◆ EXERCISE ◆
Repeat, exactly as written, the lines from the one with "Some of the words" to the final line of the listing, and keep every picture out.
(RECORDS PROVIDED begins)
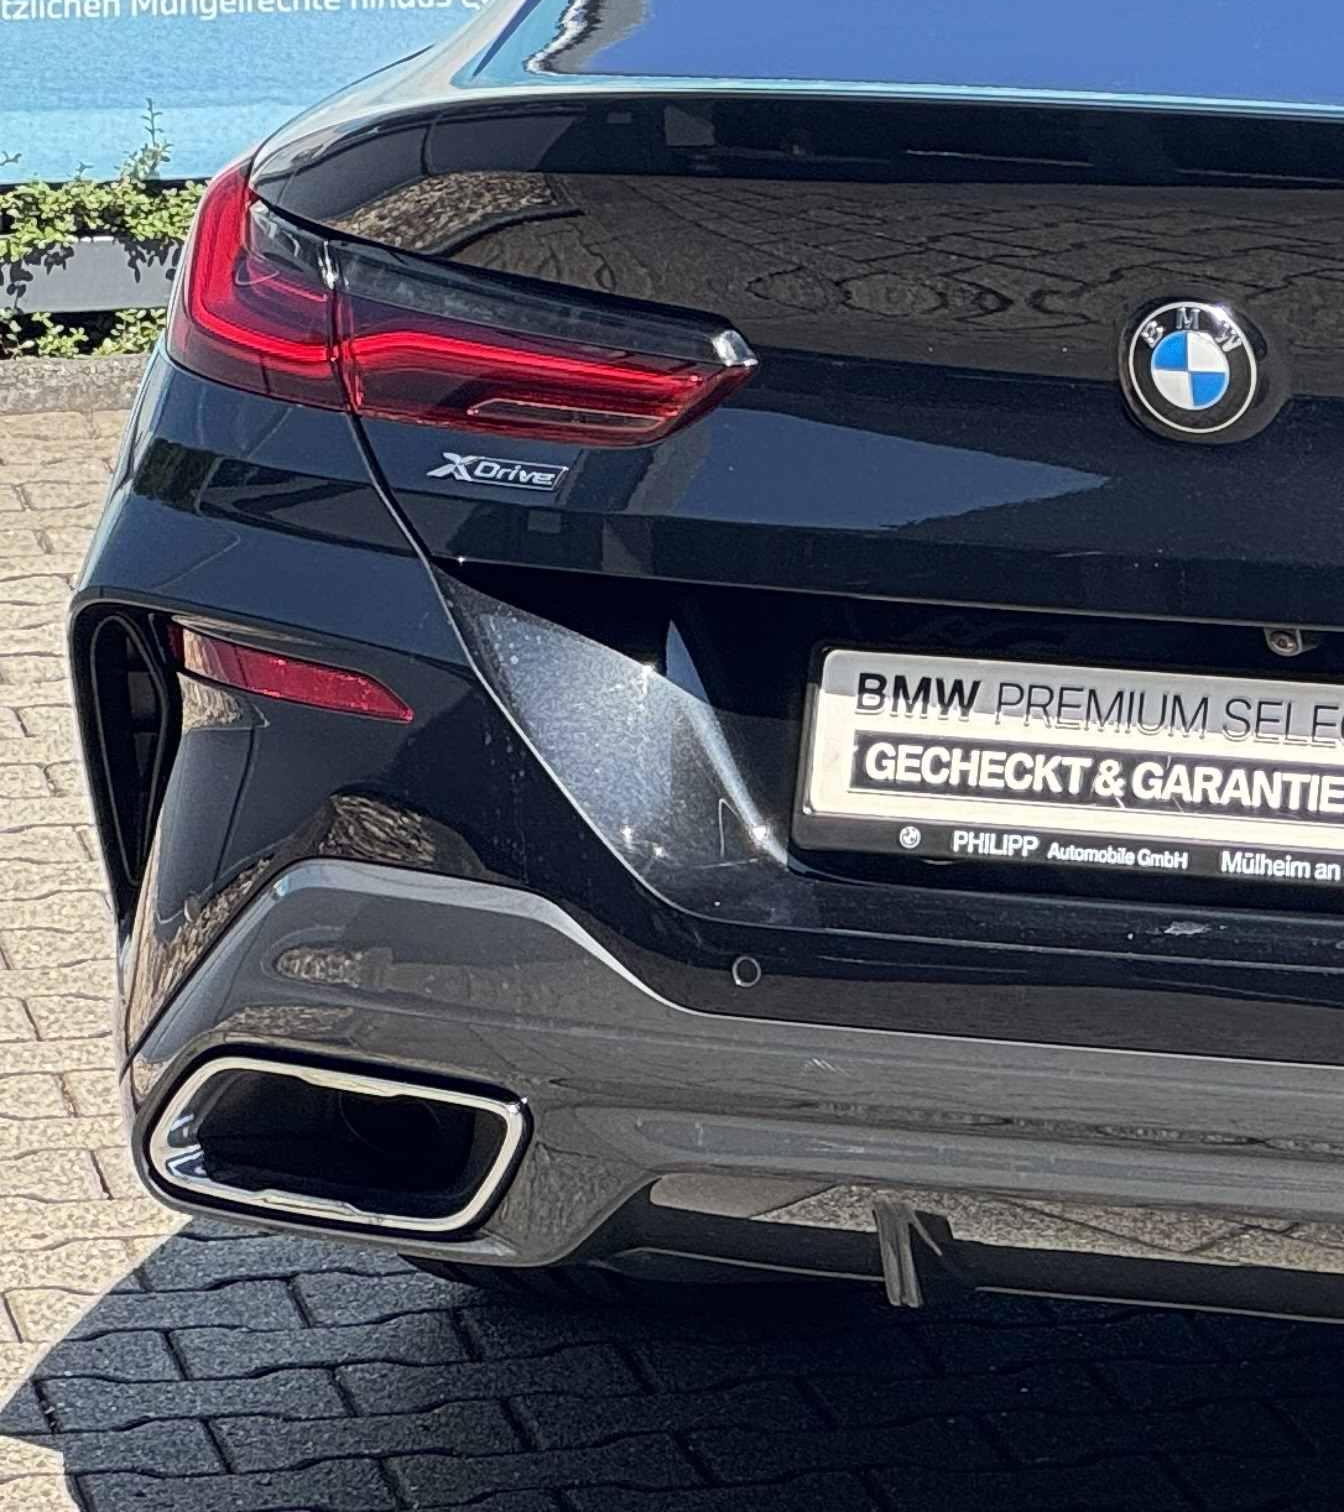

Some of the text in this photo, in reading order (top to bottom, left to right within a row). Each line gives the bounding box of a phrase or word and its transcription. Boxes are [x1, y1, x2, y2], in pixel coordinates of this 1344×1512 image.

[1141, 306, 1243, 353] BMW
[855, 672, 983, 720] BMW
[994, 682, 1210, 739] PREMIUM
[865, 741, 1092, 795] GECHECKT
[1094, 759, 1126, 797] &
[952, 829, 1040, 857] PHILIPP
[1047, 841, 1136, 866] Automobile
[1137, 848, 1189, 870] GmbH
[1220, 850, 1311, 879] Mülheim
[1314, 862, 1341, 881] an
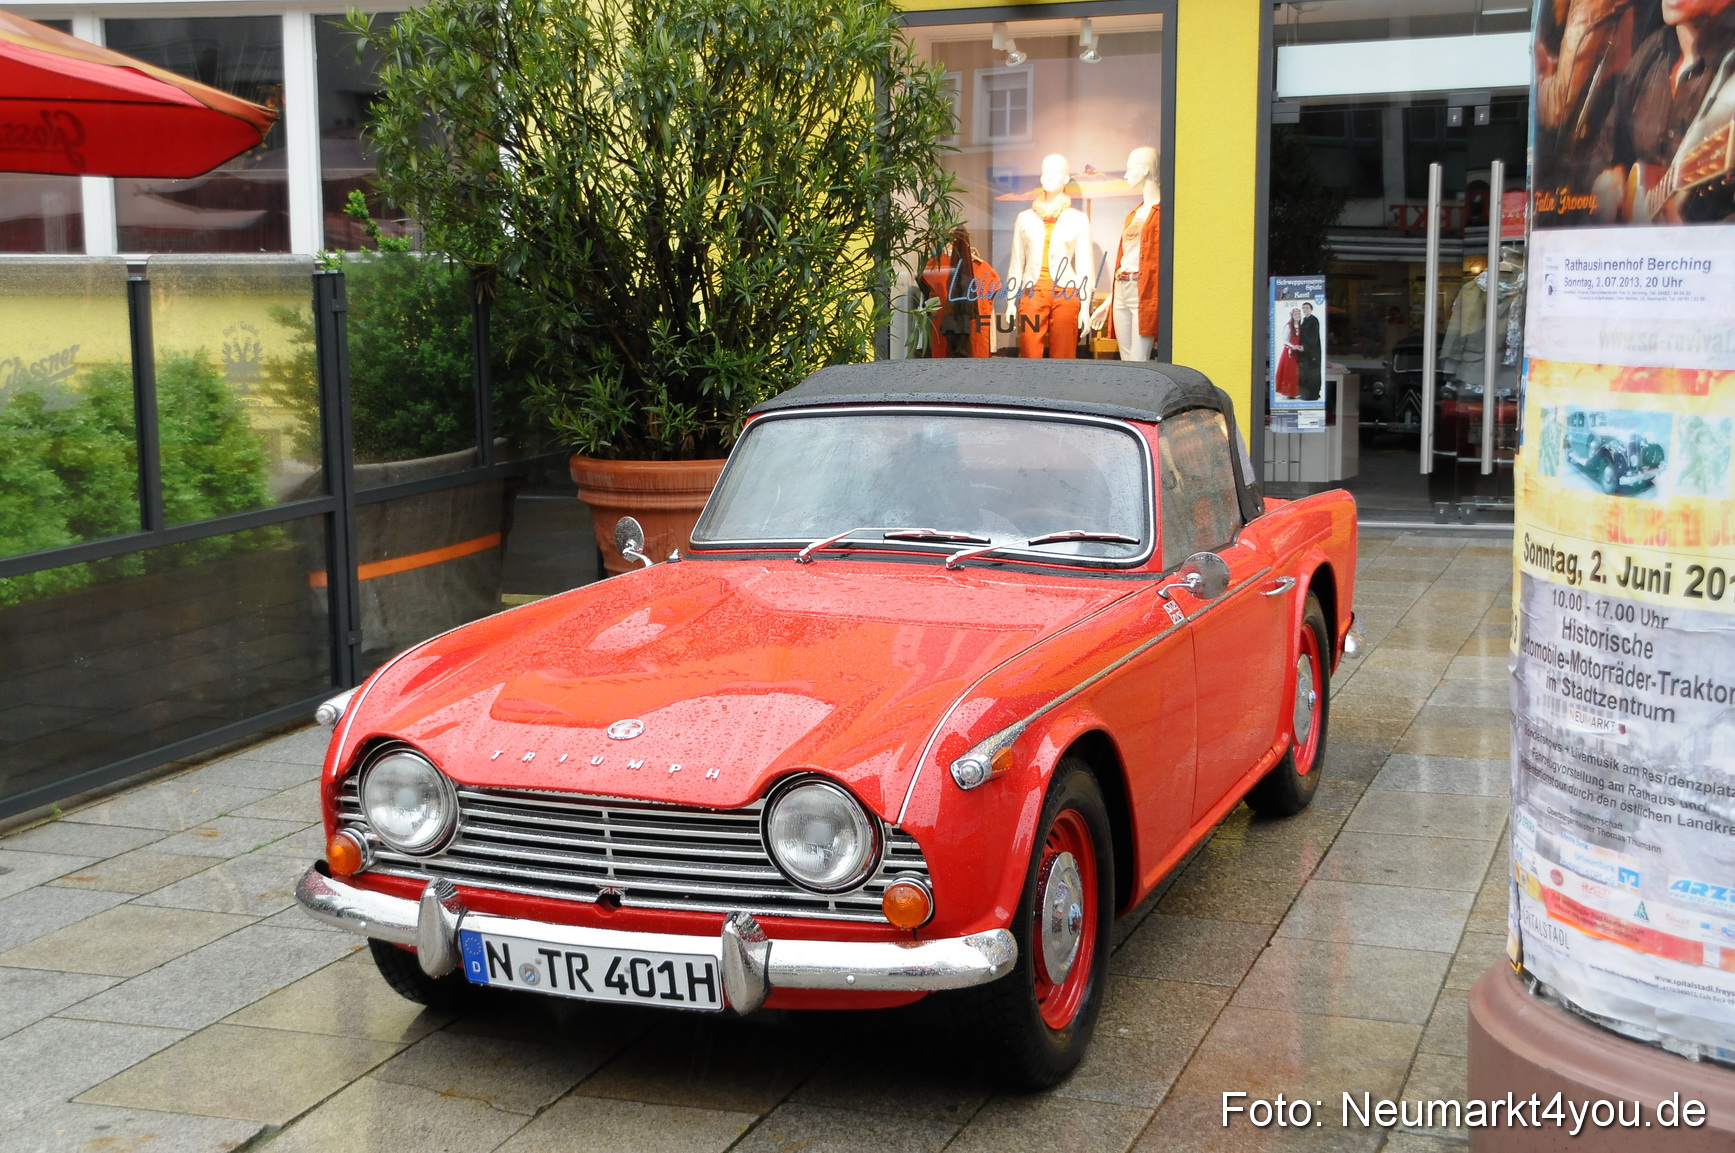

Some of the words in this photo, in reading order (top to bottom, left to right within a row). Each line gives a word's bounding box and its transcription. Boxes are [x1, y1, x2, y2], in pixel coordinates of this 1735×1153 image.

[1558, 186, 1598, 216] Groovy
[948, 258, 1037, 302] Leinen
[1563, 277, 1594, 290] Sonntag,
[1645, 276, 1658, 288] 20
[1662, 276, 1684, 288] Uhr
[1647, 257, 1712, 274] Berching
[1523, 531, 1583, 585] Sonntag,
[1589, 549, 1607, 584] 2.
[1616, 556, 1673, 596] Juni
[1552, 588, 1583, 612] 10.00
[1594, 600, 1635, 623] 17.00
[1639, 607, 1669, 630] Uhr
[1561, 615, 1654, 660] Historische
[1545, 670, 1557, 693] im
[1561, 676, 1675, 724] Stadtzentrum
[1568, 708, 1616, 733] NEUMARKT
[490, 749, 721, 780] TRIUMPH
[1531, 747, 1605, 791] Fahrzeugvorstellung
[1607, 781, 1625, 794] am
[1627, 783, 1676, 807] Rathaus
[1679, 799, 1708, 813] und
[1571, 745, 1619, 771] Livemusik
[1622, 764, 1640, 777] am
[1568, 783, 1594, 802] durch
[1596, 796, 1617, 809] den
[1619, 798, 1672, 824] östlichen
[1569, 805, 1623, 831] Schirmherrschaft
[1546, 806, 1595, 833] Oberbürgermeister
[1596, 827, 1626, 843] Thomas
[1627, 835, 1662, 854] Thumann
[1521, 906, 1570, 950] SPITALSTADL
[471, 960, 481, 973] D
[485, 939, 514, 982] N
[537, 947, 595, 993] TR
[604, 955, 717, 1003] 401H
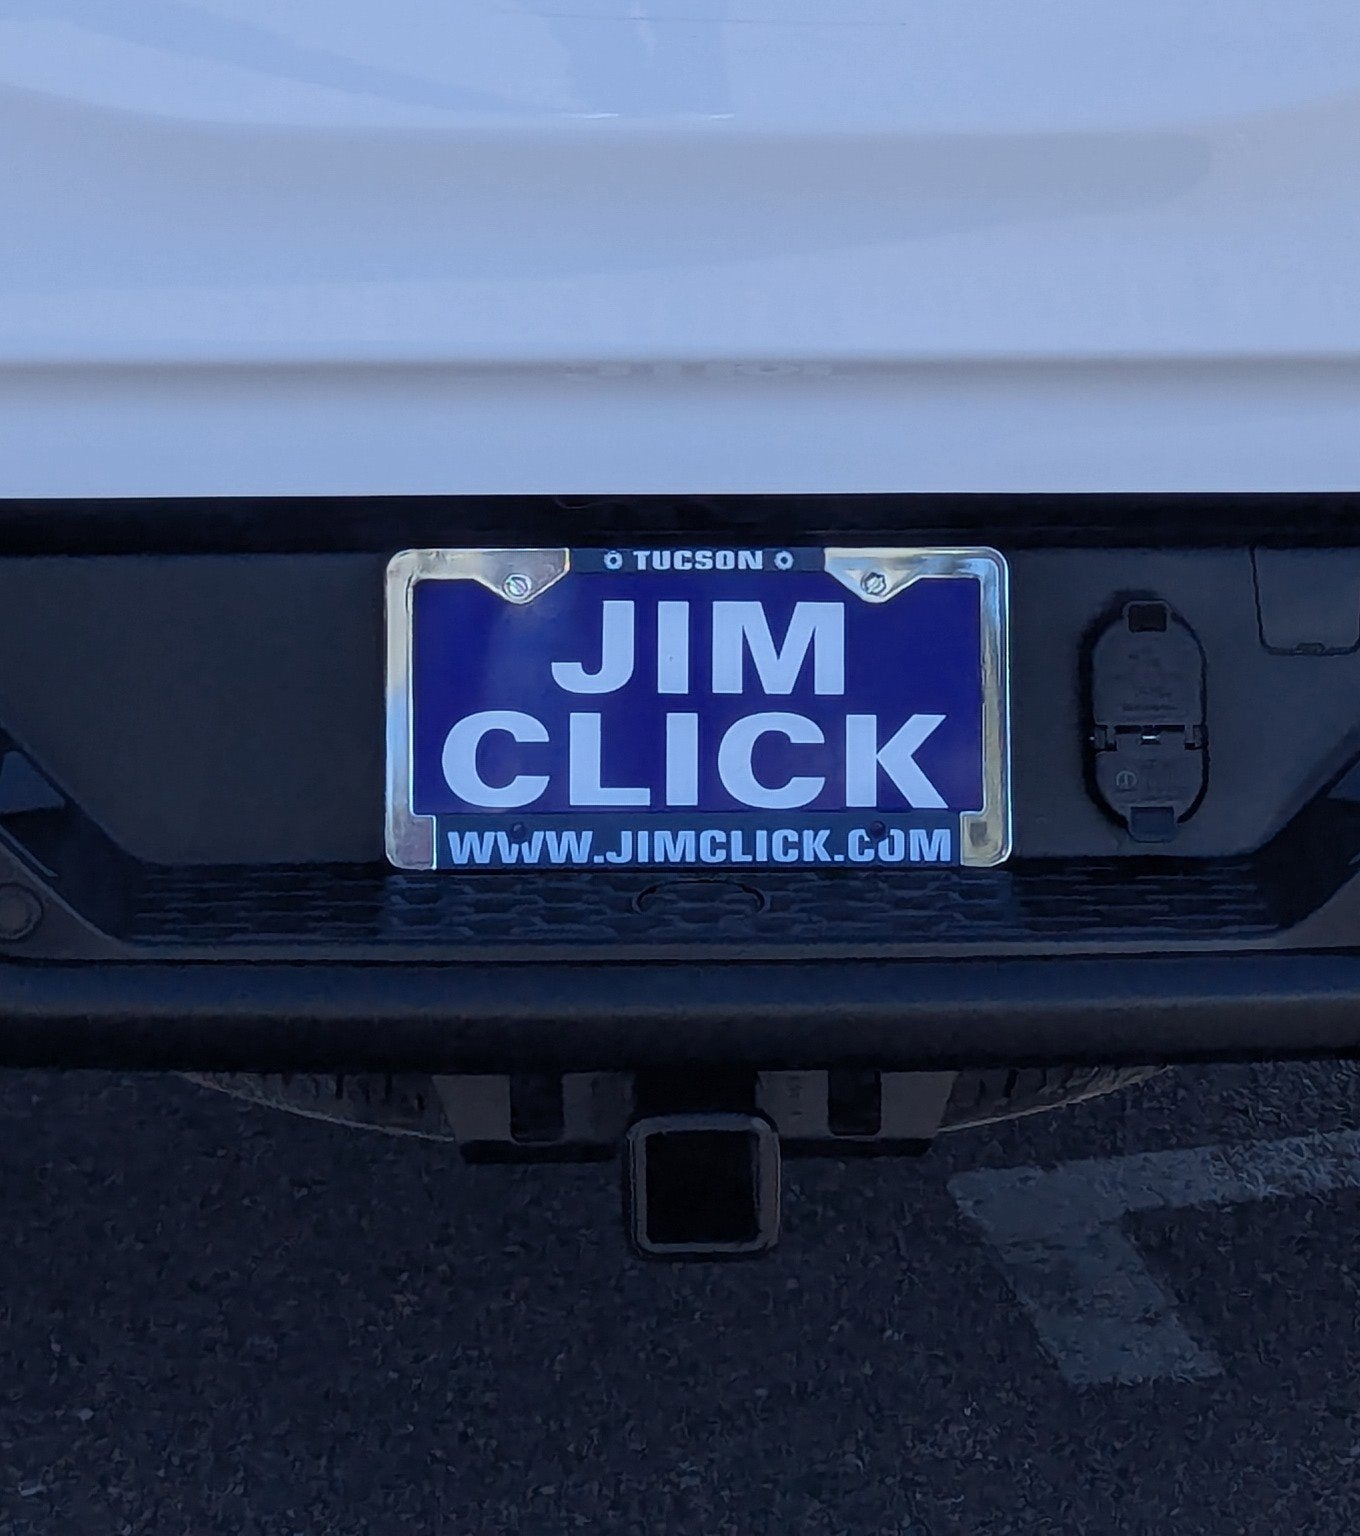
(RECORDS PROVIDED ends)
◆ TASK RESULT ◆
Some of the words in this photo, in reading order (top to bottom, left to right within a row). Each line gives a word's bounding box and its transcription. Boxes are [x1, y1, x2, y2], in pixel coordinates of this 1735×1153 image.

[1558, 186, 1598, 216] Groovy
[948, 258, 1037, 302] Leinen
[1563, 277, 1594, 290] Sonntag,
[1645, 276, 1658, 288] 20
[1662, 276, 1684, 288] Uhr
[1647, 257, 1712, 274] Berching
[1523, 531, 1583, 585] Sonntag,
[1589, 549, 1607, 584] 2.
[1616, 556, 1673, 596] Juni
[1552, 588, 1583, 612] 10.00
[1594, 600, 1635, 623] 17.00
[1639, 607, 1669, 630] Uhr
[1561, 615, 1654, 660] Historische
[1545, 670, 1557, 693] im
[1561, 676, 1675, 724] Stadtzentrum
[1568, 708, 1616, 733] NEUMARKT
[490, 749, 721, 780] TRIUMPH
[1531, 747, 1605, 791] Fahrzeugvorstellung
[1607, 781, 1625, 794] am
[1627, 783, 1676, 807] Rathaus
[1679, 799, 1708, 813] und
[1571, 745, 1619, 771] Livemusik
[1622, 764, 1640, 777] am
[1568, 783, 1594, 802] durch
[1596, 796, 1617, 809] den
[1619, 798, 1672, 824] östlichen
[1569, 805, 1623, 831] Schirmherrschaft
[1546, 806, 1595, 833] Oberbürgermeister
[1596, 827, 1626, 843] Thomas
[1627, 835, 1662, 854] Thumann
[1521, 906, 1570, 950] SPITALSTADL
[471, 960, 481, 973] D
[485, 939, 514, 982] N
[537, 947, 595, 993] TR
[604, 955, 717, 1003] 401H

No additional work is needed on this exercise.